WHAT THIS TASK INVOLVES
Beginning with the first entry, restate the data word for word and leave out the images.

DATA SUPPLIED
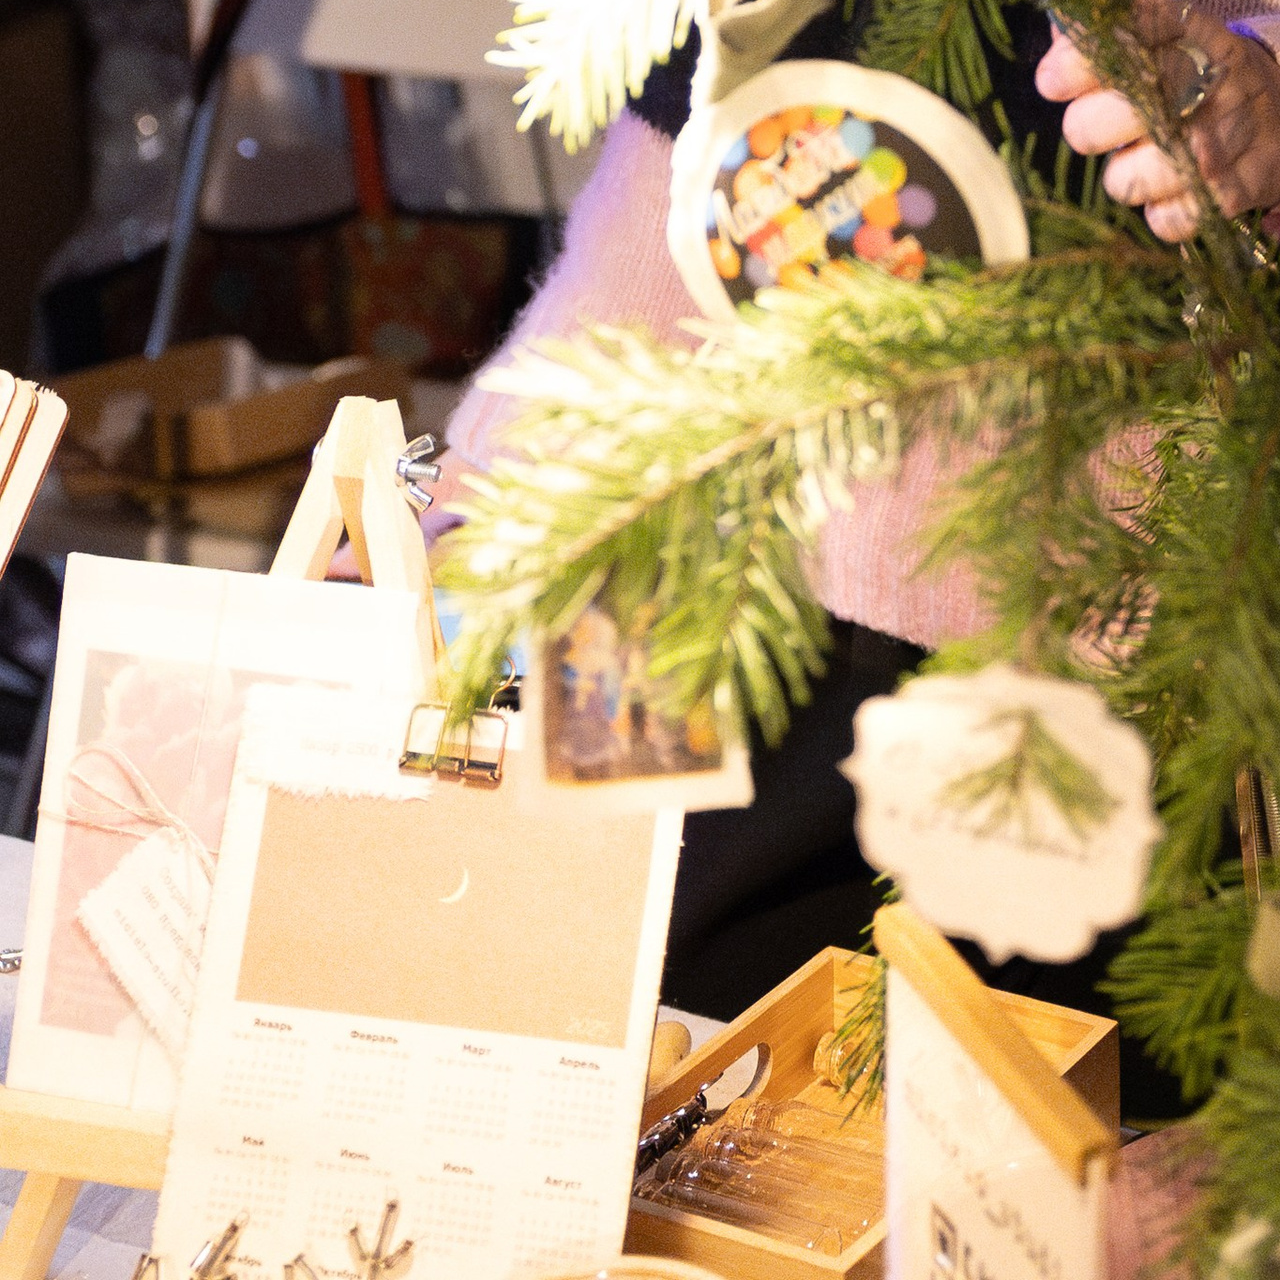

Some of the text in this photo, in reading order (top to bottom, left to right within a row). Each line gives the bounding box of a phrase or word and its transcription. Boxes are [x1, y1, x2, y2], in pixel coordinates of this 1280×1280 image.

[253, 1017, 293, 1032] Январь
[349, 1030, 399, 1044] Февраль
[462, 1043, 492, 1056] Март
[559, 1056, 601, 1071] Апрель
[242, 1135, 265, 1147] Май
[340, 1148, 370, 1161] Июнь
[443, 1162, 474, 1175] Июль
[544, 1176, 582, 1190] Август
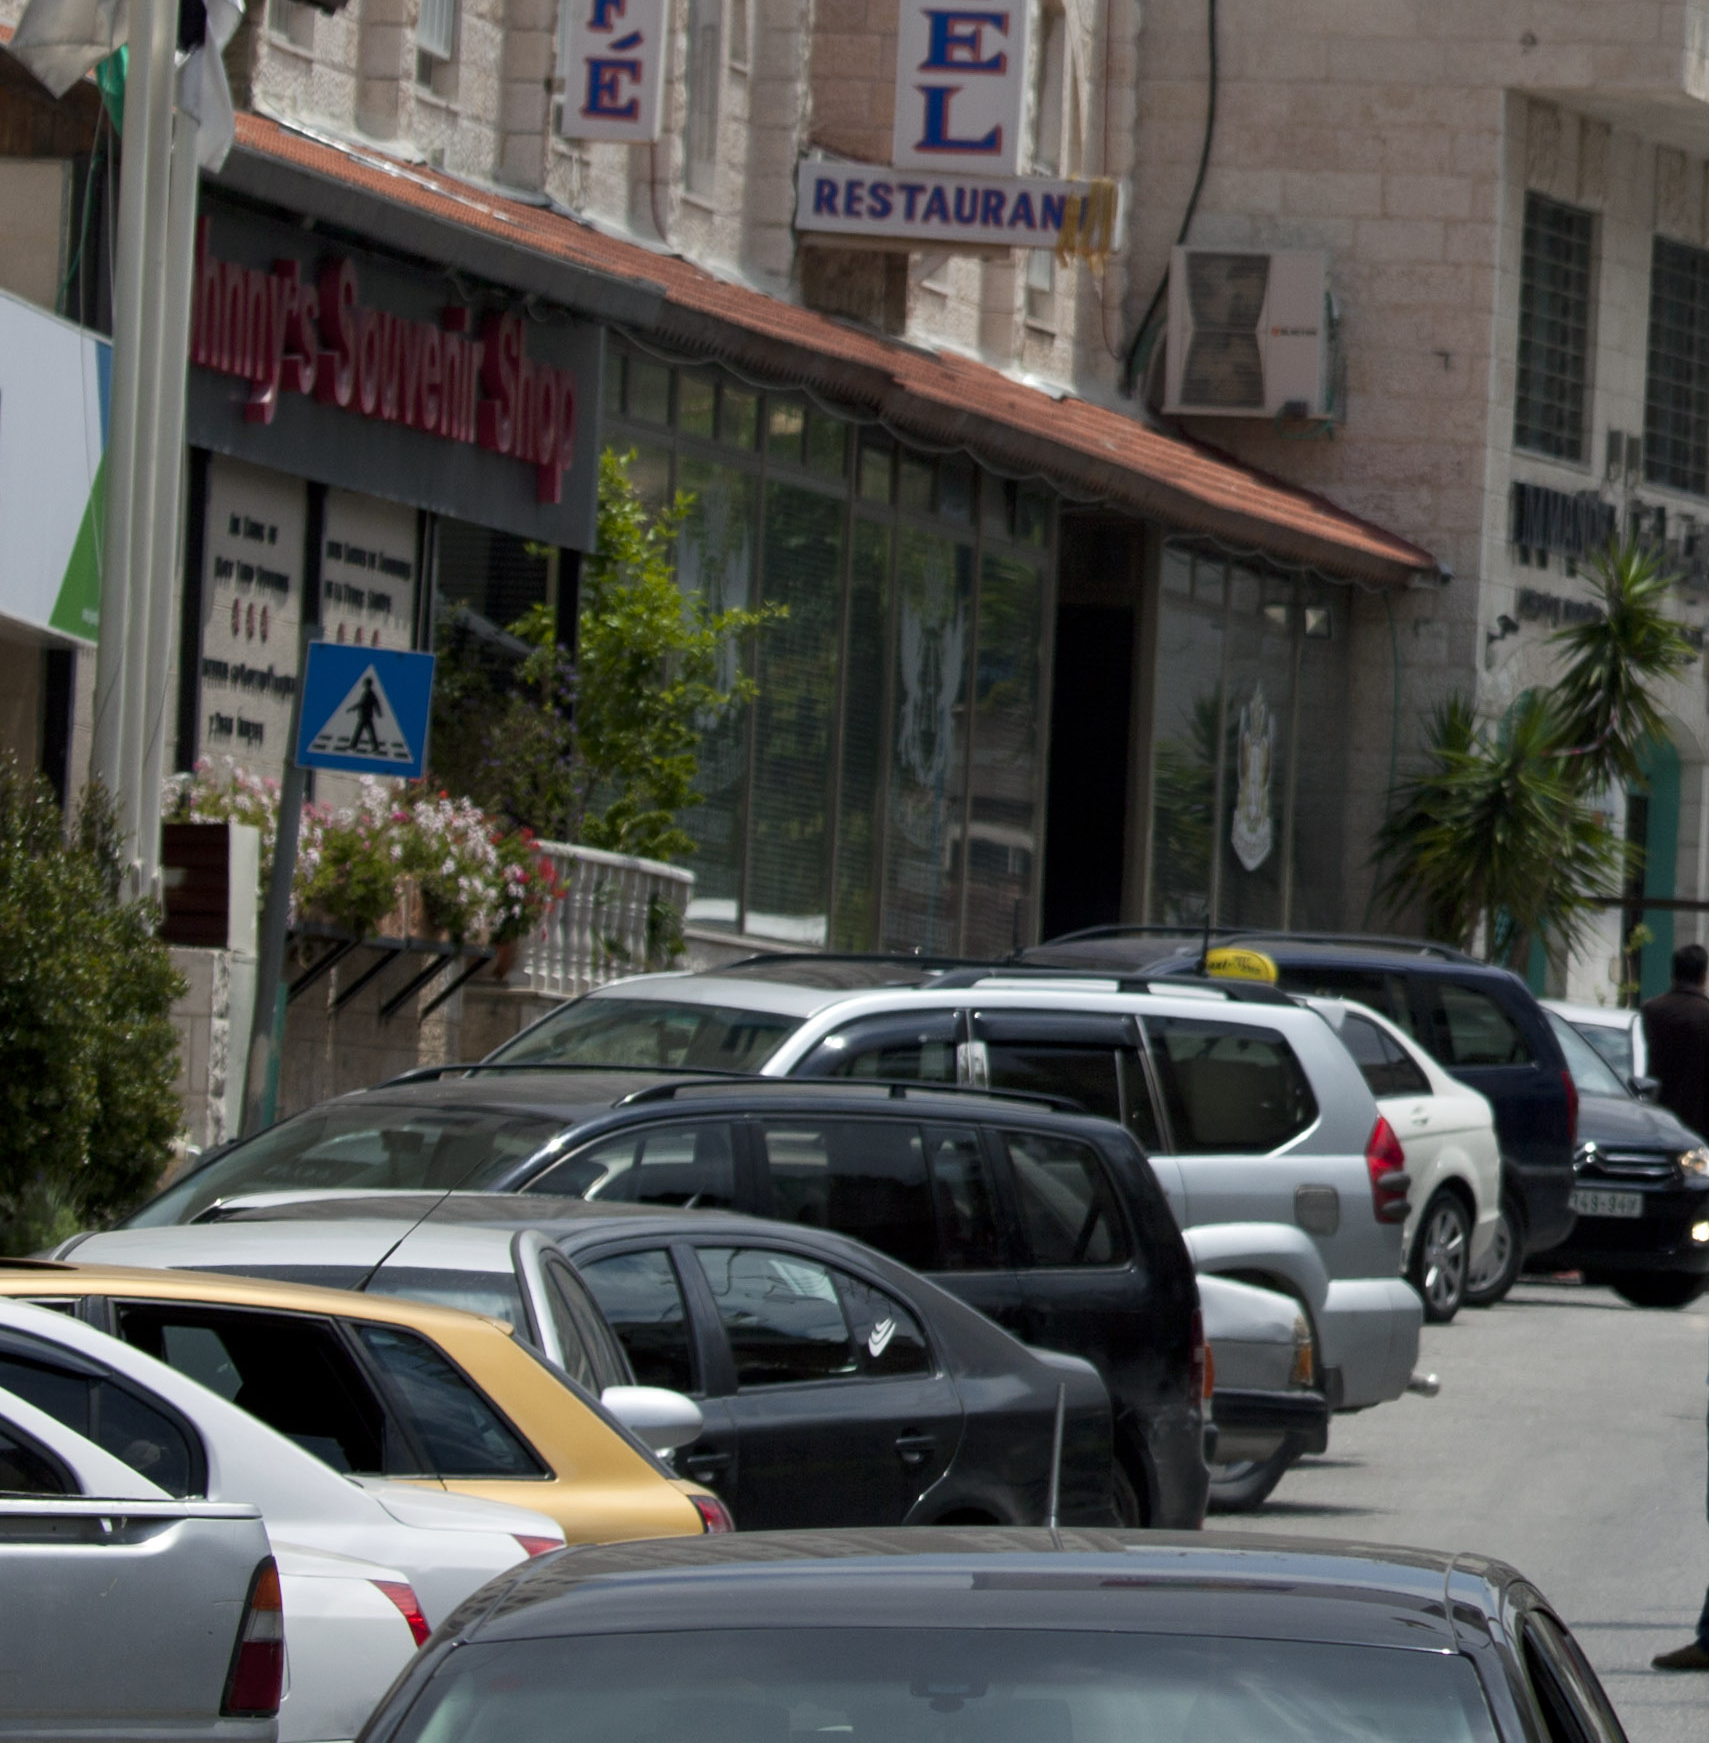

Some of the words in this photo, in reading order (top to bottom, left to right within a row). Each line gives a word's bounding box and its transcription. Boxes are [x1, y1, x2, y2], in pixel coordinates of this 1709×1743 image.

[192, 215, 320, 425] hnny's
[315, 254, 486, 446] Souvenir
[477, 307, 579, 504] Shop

RESULT
Some of the text in this photo, in reading order (top to bottom, left to right within a row). Each line gives the bounding box of a phrase or word and its transcription. Boxes are [x1, y1, x2, y2], in pixel coordinates of this 1280×1280 image.

[253, 1017, 293, 1032] Январь
[349, 1030, 399, 1044] Февраль
[462, 1043, 492, 1056] Март
[559, 1056, 601, 1071] Апрель
[242, 1135, 265, 1147] Май
[340, 1148, 370, 1161] Июнь
[443, 1162, 474, 1175] Июль
[544, 1176, 582, 1190] Август

Some of the words in this photo, in reading order (top to bottom, left to right within a row). Each line gives a word's bounding box and its transcription. Boxes are [x1, y1, x2, y2], in pixel coordinates of this 1709×1743 image.

[192, 215, 320, 425] hnny's
[315, 254, 486, 446] Souvenir
[477, 307, 579, 504] Shop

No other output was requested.